[Phrase grounding data]
—————

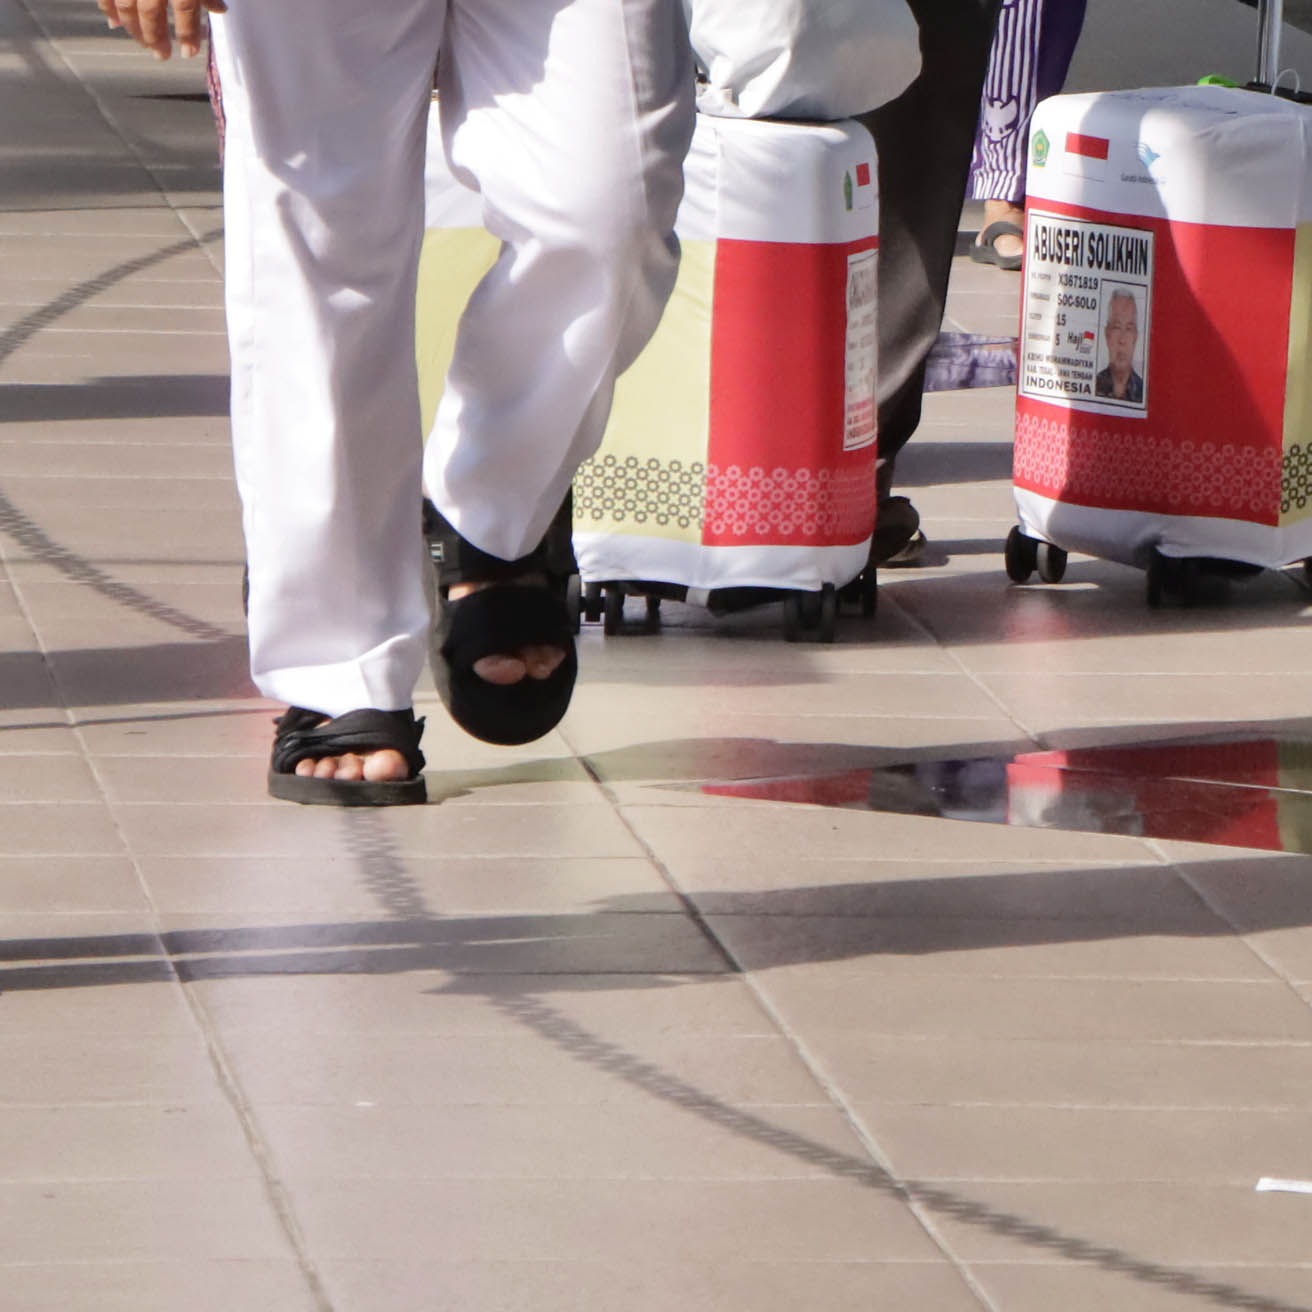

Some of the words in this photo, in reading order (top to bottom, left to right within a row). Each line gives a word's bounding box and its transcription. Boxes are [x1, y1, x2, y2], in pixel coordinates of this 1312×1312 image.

[1033, 224, 1085, 268] ABUSERI
[1087, 231, 1149, 276] SOLIKHIN
[1058, 273, 1099, 290] X3671819
[1058, 293, 1097, 310] SOC-SOLO
[1056, 313, 1067, 326] 15
[1026, 376, 1092, 395] INDONESIA

—————

Goal of the exercise: Only the records, copied exactly and free of pictures, belong in the answer.

Answer box:
Some of the words in this photo, in reading order (top to bottom, left to right within a row). Each line gives a word's bounding box and its transcription. Boxes are [x1, y1, x2, y2], in pixel coordinates of this 1312×1312 image.

[1033, 224, 1085, 268] ABUSERI
[1087, 231, 1149, 276] SOLIKHIN
[1058, 273, 1099, 290] X3671819
[1058, 293, 1097, 310] SOC-SOLO
[1056, 313, 1067, 326] 15
[1026, 376, 1092, 395] INDONESIA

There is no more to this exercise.